Spring in Whitechapel

By A. M. Kaizer, translated by Vivi Lachs

Written by:
A. M. Kaizer
Translated by:
Vivi Lachs
Published:
Summer 2021 / 5781
Part of issue number:
Translation 2021

Arye Mayer Kaizer (1892–1967) was a Yiddish journalist who wrote humorous sketches about the immigrant and second-generation Jewish community living in Whitechapel, in London’s East End, for the daily newspaper Di tsayt (The Times) from the 1920s until it folded in 1950. His more than 150 sketches offered humor in the midst of the Depression. Kaizer headed the Association of Jewish Relief Organisations, organizing aid to Eastern Europe and writing about conditions there. As chair of the Association of Jewish Journalists and Writers he hosted well-known Yiddish writers visiting from abroad.  

Kaizer’s sketch “Spring in Whitechapel” was first published in Di tsayt on April 24, 1932. The East End, of course, was not known for its nature: it was crowded and dirty, and during the Depression workers, especially those in the tailoring trade, struggled to make ends meet.

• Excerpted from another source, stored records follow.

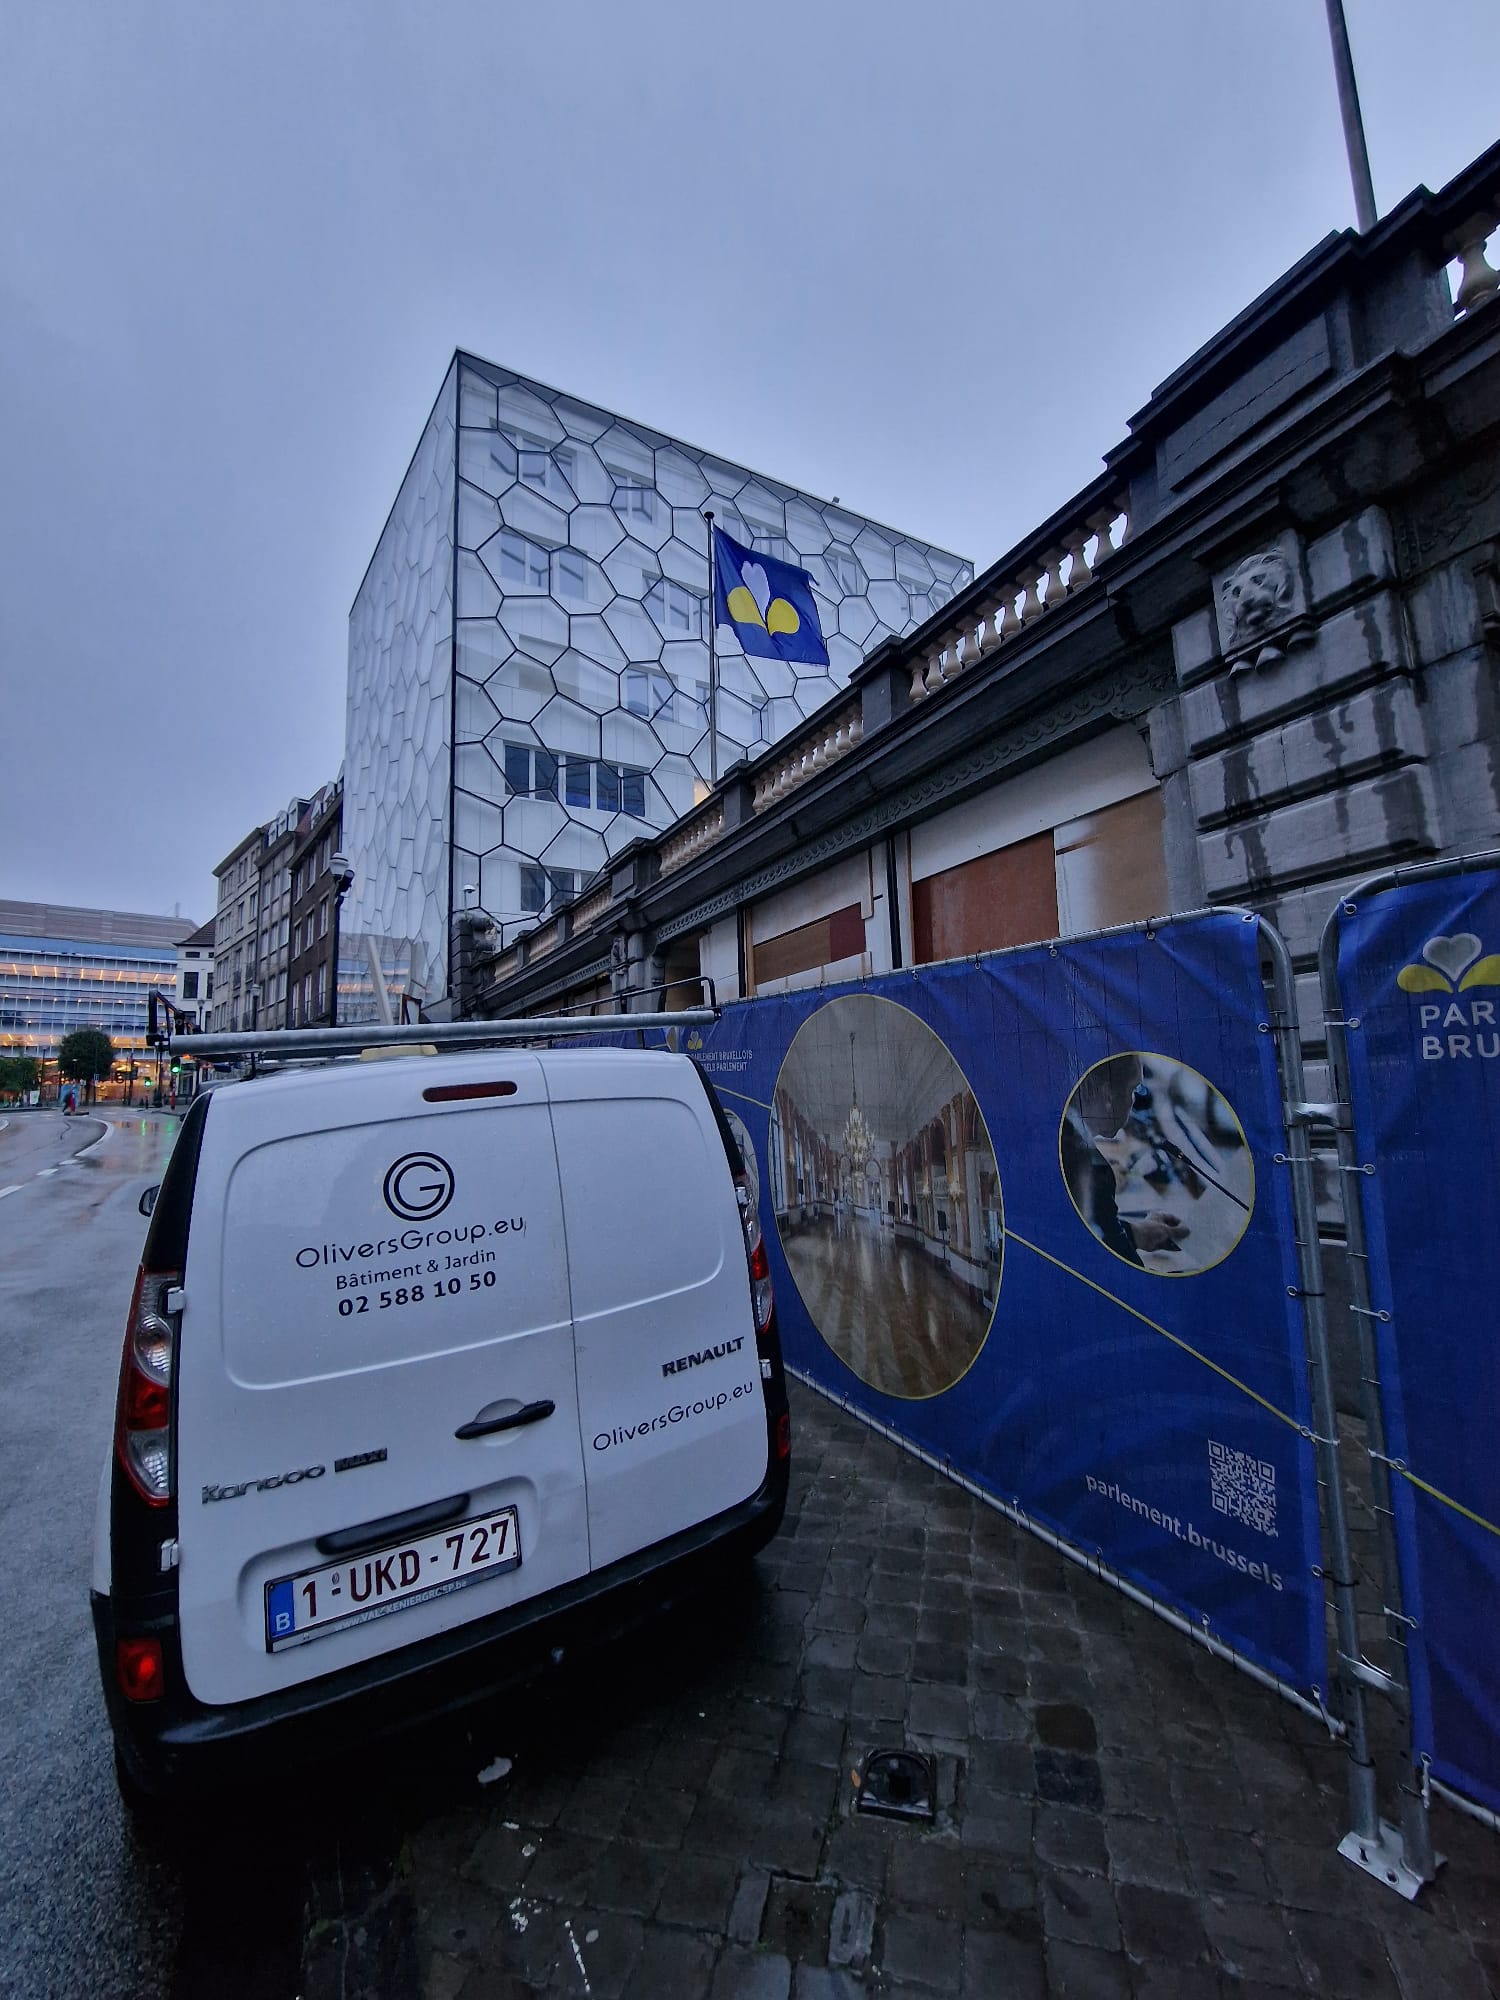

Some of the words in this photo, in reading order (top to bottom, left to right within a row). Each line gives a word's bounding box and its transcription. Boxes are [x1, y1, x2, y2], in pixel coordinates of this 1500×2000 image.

[1420, 1001, 1497, 1029] PAR
[717, 1062, 748, 1072] PARLEMENT
[720, 1050, 753, 1060] BRUXELLOIS
[1422, 1033, 1500, 1060] BRU
[296, 1217, 524, 1268] OliversGroup.eu
[336, 1263, 422, 1290] Bâtiment
[427, 1259, 439, 1273] &
[444, 1250, 496, 1270] Jardin
[338, 1295, 370, 1317] 02
[379, 1285, 425, 1309] 588
[433, 1278, 461, 1298] 10
[469, 1271, 497, 1291] 50
[661, 1336, 745, 1378] RENAULT
[593, 1381, 753, 1451] OliversGroup.eu
[1086, 1475, 1284, 1592] parlement.brussels
[302, 1518, 509, 1618] 1-UKD-727
[275, 1612, 291, 1632] B

Beneath the sketch’s humor lies the perspective of urban workers starved of nature. It ruefully laughs at the difficulty in finding a patch of sky, a ray of sunlight, running water, freshly picked flowers, earth, air and light, and milk straight from the cow.  

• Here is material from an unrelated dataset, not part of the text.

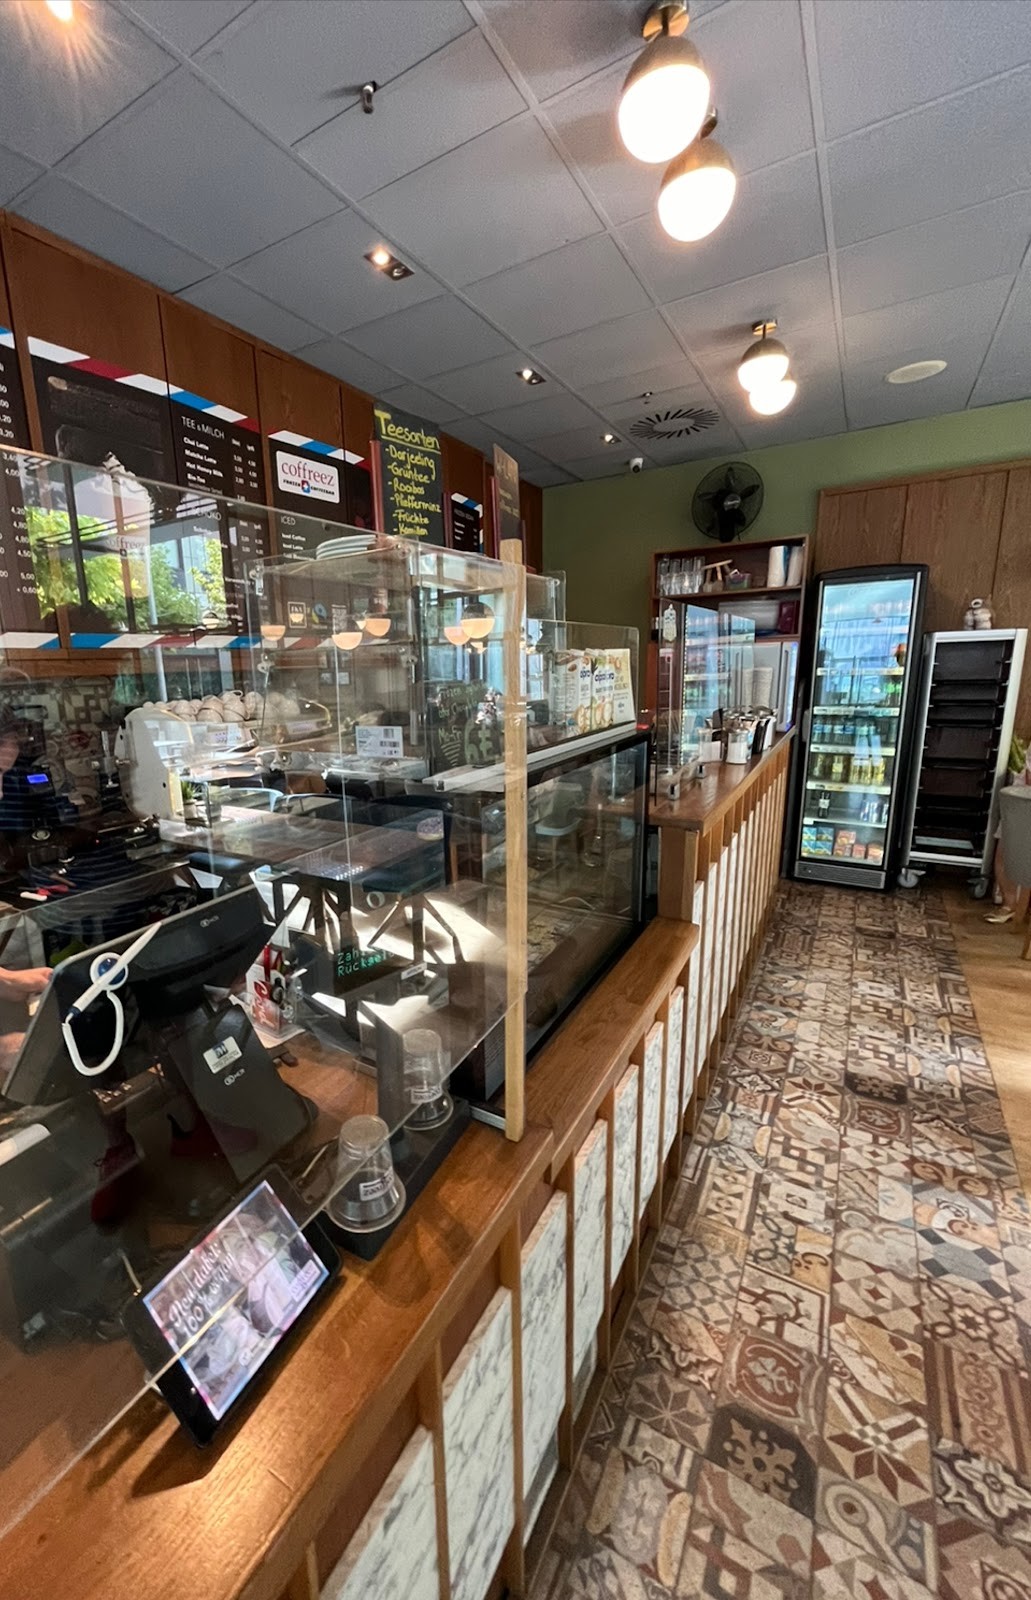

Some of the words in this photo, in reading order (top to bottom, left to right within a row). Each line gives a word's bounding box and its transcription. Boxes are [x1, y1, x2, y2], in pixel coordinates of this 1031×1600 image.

The sketch is satirical, accentuating and parodying London Jewish life. In the story’s search for signs of spring we tour East End shops, the Mantlemakers’ Union, the Jewish immigrant shelter, a Yiddish theater, and the Beth Din Jewish court—but we ultimately find a sense of nature’s absence. Springtime should bring joy, freshness, and a feeling of hope, yet the tour of Jewish Whitechapel finds none of this. While the Workers Circle sponsored camping trips in the countryside, and many in the community holidayed by the sea, the story’s futile search for a sunbeam reveals the reality of the daily grind. 

 

Spring is here! So says the Jewish calendar, and so say the poets. I went out to greet the spring. I wandered around Whitechapel for the whole day, with my head tilted back scouring the heavens for a patch of blue. I searched from Mile End Gate to Aldgate Pump for a hint of a sunbeam—but there was none.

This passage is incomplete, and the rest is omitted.